Required action -
Restate the listing below word for word. No picture belongs in the result.

☆ ☆ ☆ ☆ ☆ ☆ ☆

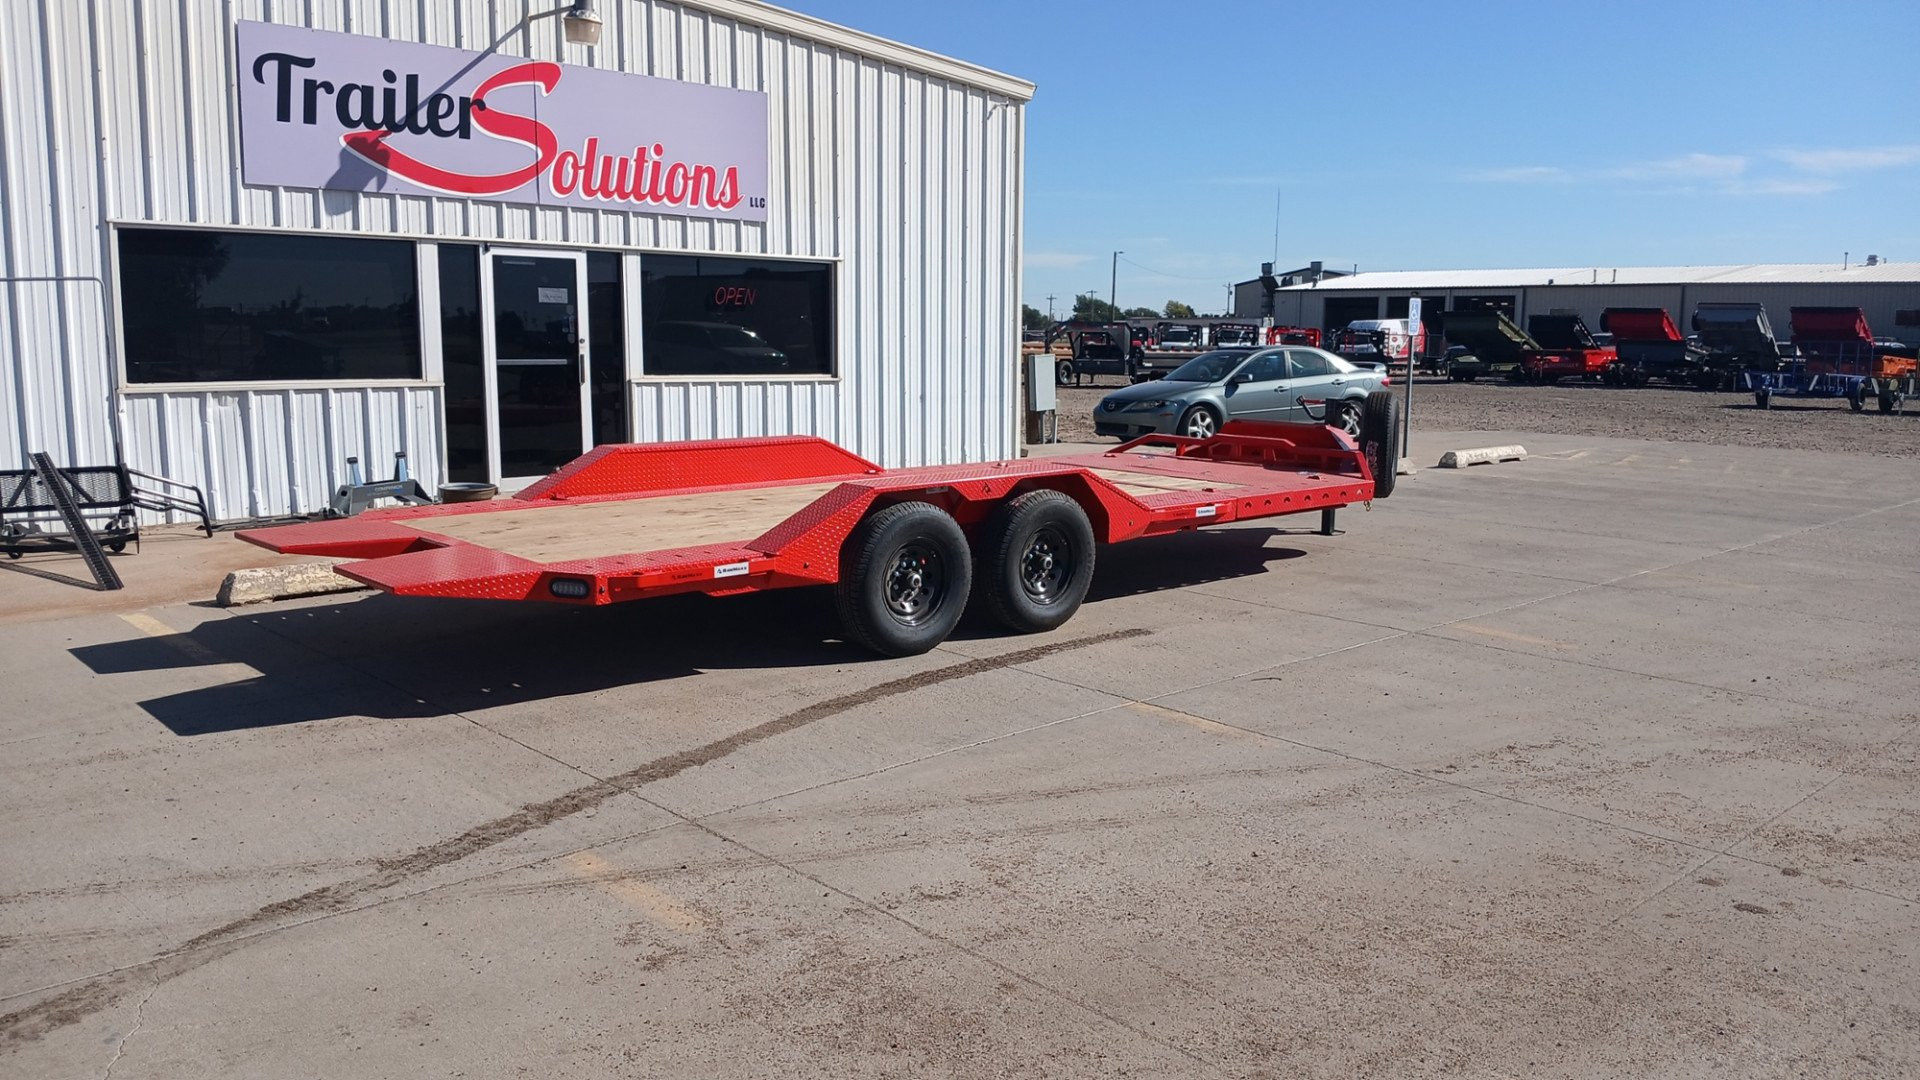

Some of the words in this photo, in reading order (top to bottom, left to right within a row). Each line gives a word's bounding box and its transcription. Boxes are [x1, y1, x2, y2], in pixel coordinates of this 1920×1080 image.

[252, 52, 487, 140] Trailer
[339, 61, 746, 212] Solutions
[749, 196, 766, 209] LLC
[715, 286, 757, 305] OPEN
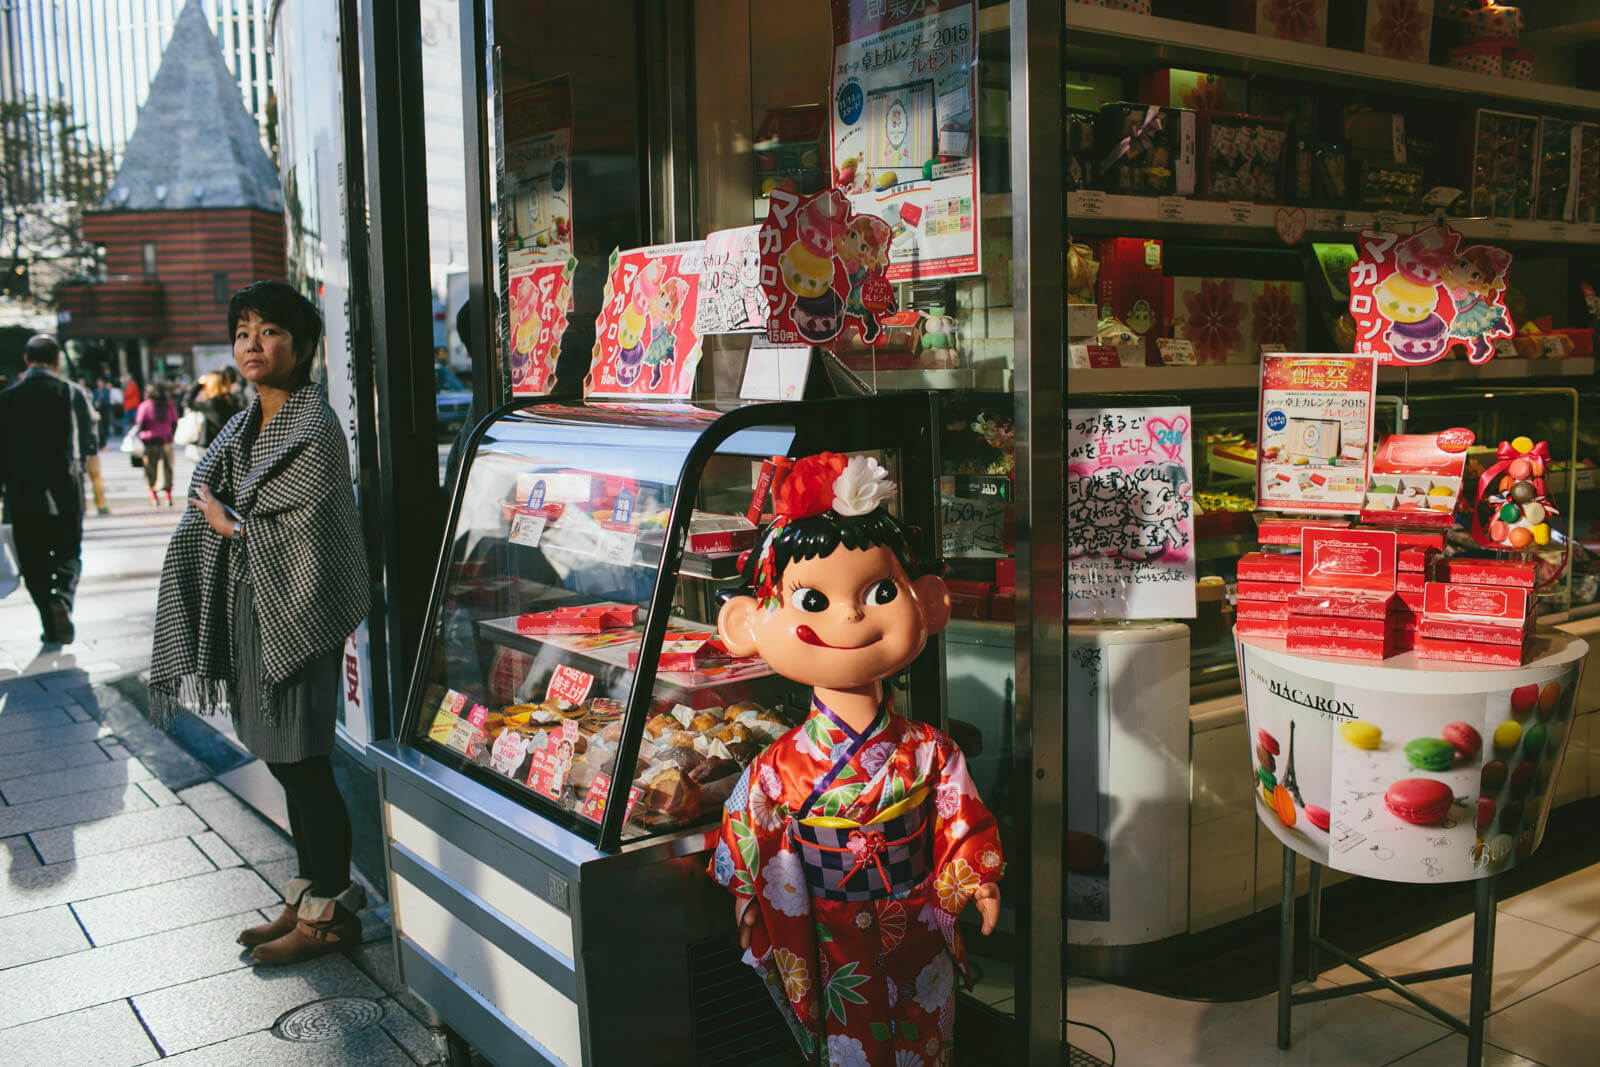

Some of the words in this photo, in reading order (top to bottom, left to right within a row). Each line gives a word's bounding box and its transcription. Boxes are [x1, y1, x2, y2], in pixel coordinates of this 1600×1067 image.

[862, 35, 929, 71] 卓上カレンダー
[933, 23, 968, 49] 2015
[759, 189, 799, 316] マカロン
[1350, 229, 1399, 340] マカロン
[608, 263, 639, 364] マカロン
[768, 331, 794, 342] 150円
[1291, 366, 1349, 389] 創業祭
[1285, 398, 1340, 409] 卓上カレンダー
[1341, 399, 1366, 408] 2015
[1268, 680, 1355, 716] MACARON
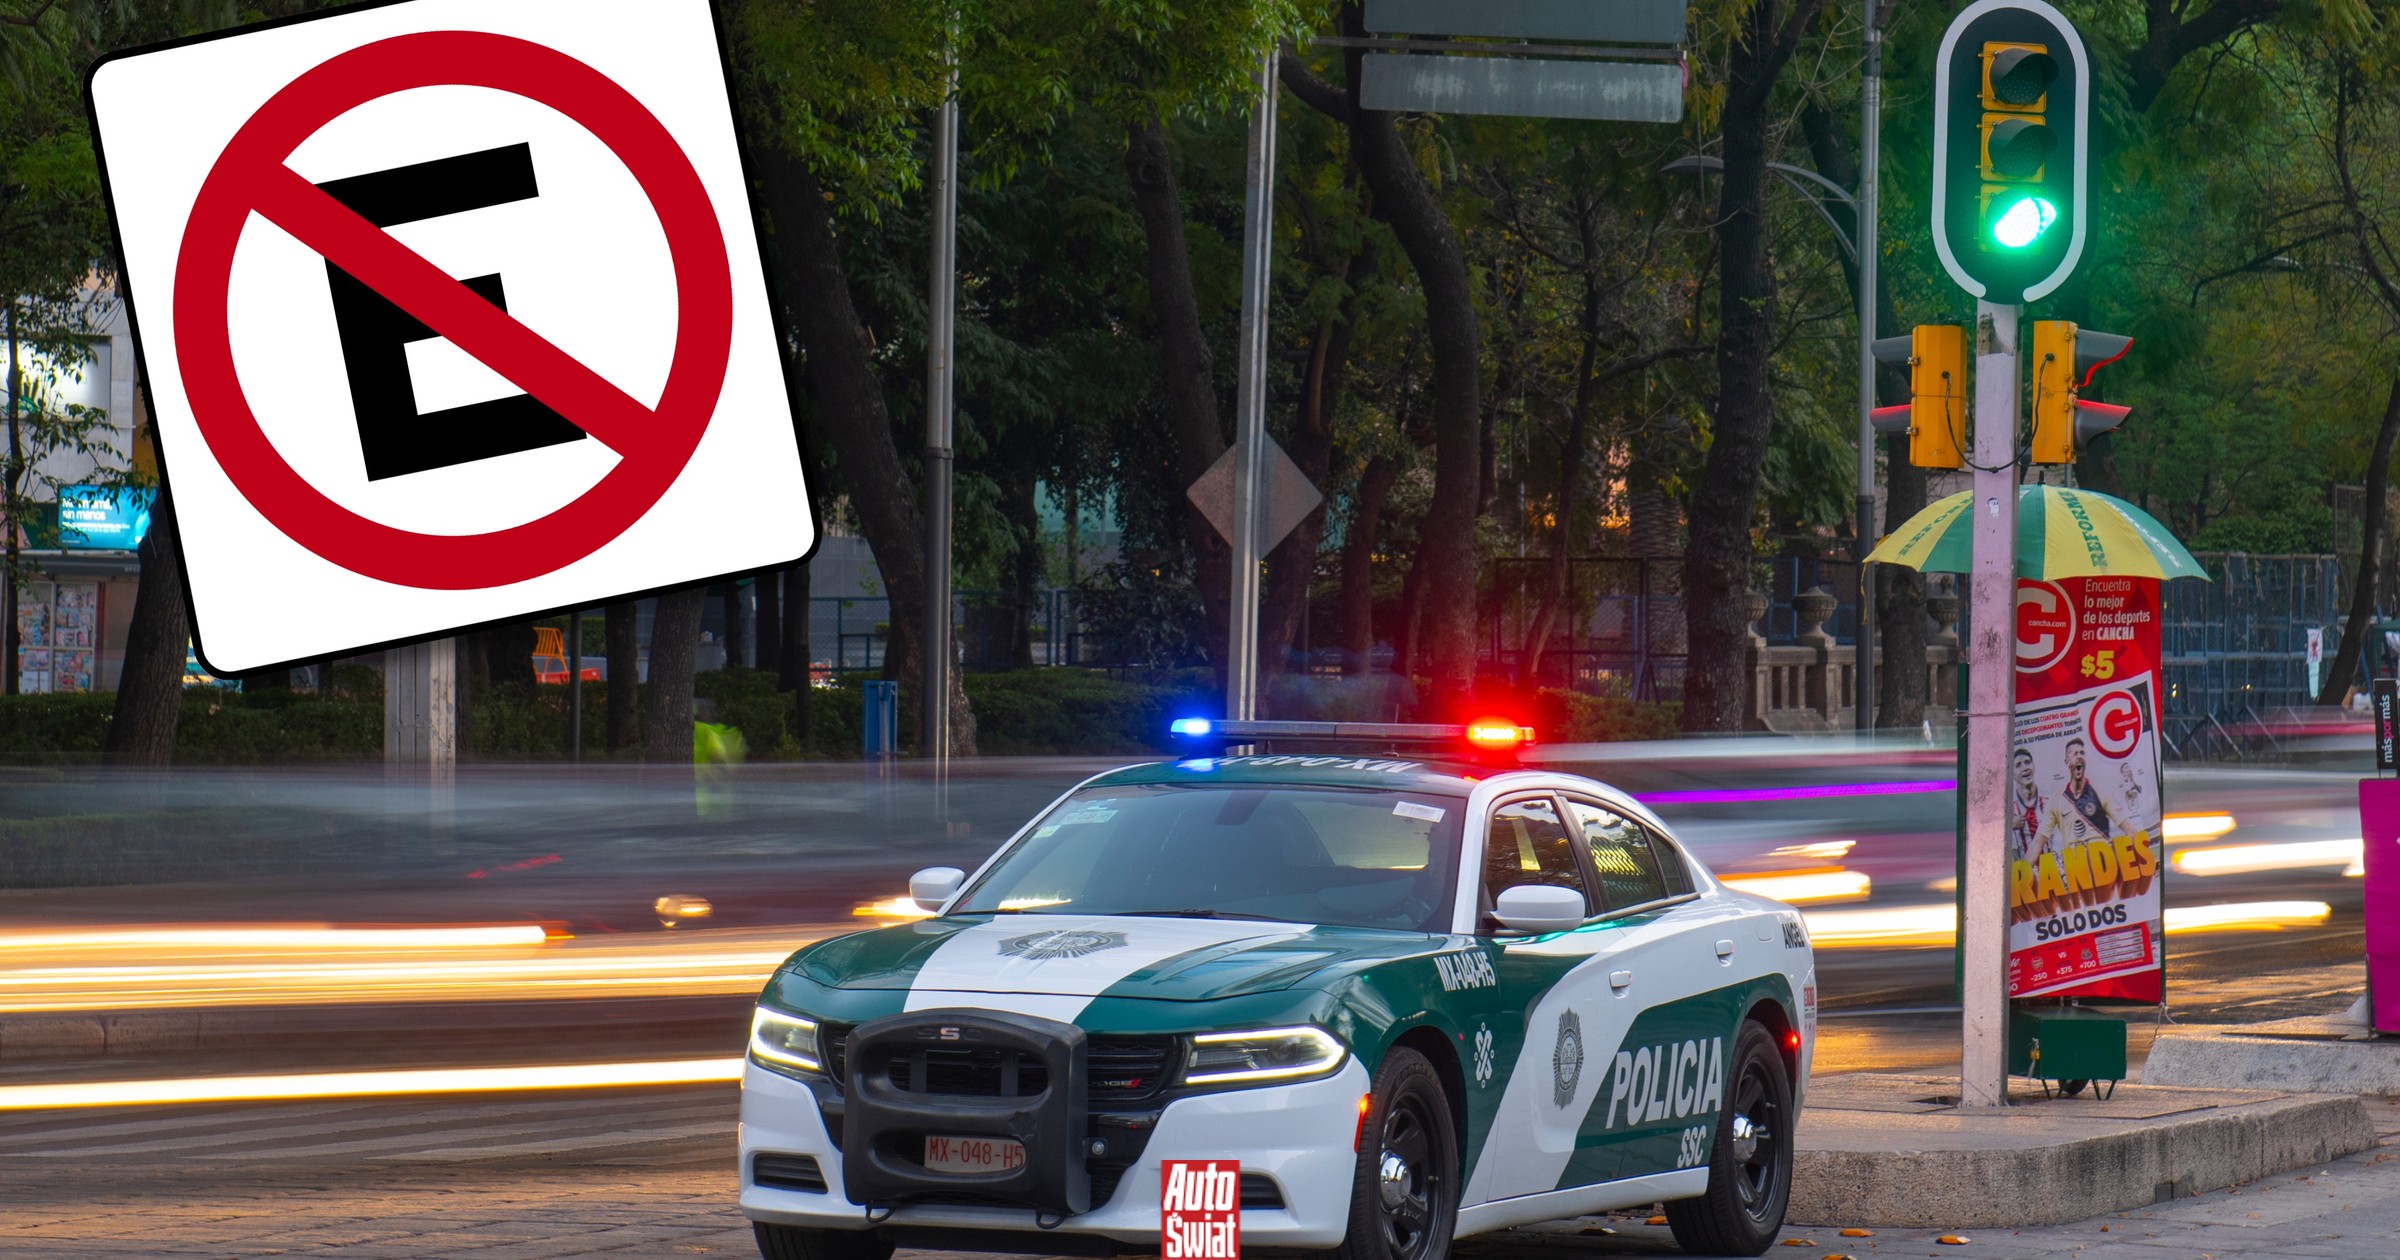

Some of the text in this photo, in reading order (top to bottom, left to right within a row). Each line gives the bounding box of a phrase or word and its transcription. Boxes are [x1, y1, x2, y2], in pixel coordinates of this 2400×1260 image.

☆ ☆ ☆ ☆ ☆ ☆ ☆

Reply -
Some of the words in this photo, in reading order (top to bottom, left to right within a row). Each line gives a word's bounding box and its transcription. Boxes are [x1, y1, x2, y2], in pixel coordinates of this 1920×1080 image.

[252, 52, 487, 140] Trailer
[339, 61, 746, 212] Solutions
[749, 196, 766, 209] LLC
[715, 286, 757, 305] OPEN

Some of the words in this photo, in reading order (top to bottom, left to right within a row). Each line gives a word's bounding box and its transcription. Boxes are [x1, y1, x2, y2], in pixel coordinates of this 1600×1067 image.

[862, 35, 929, 71] 卓上カレンダー
[933, 23, 968, 49] 2015
[759, 189, 799, 316] マカロン
[1350, 229, 1399, 340] マカロン
[608, 263, 639, 364] マカロン
[768, 331, 794, 342] 150円
[1291, 366, 1349, 389] 創業祭
[1285, 398, 1340, 409] 卓上カレンダー
[1341, 399, 1366, 408] 2015
[1268, 680, 1355, 716] MACARON

Some of the text in this photo, in reading order (top to bottom, left to right within a row). Each line gives the bounding box of a phrase or word and its transcription. Boxes are [x1, y1, x2, y2], in pixel coordinates of this 2400×1260 image.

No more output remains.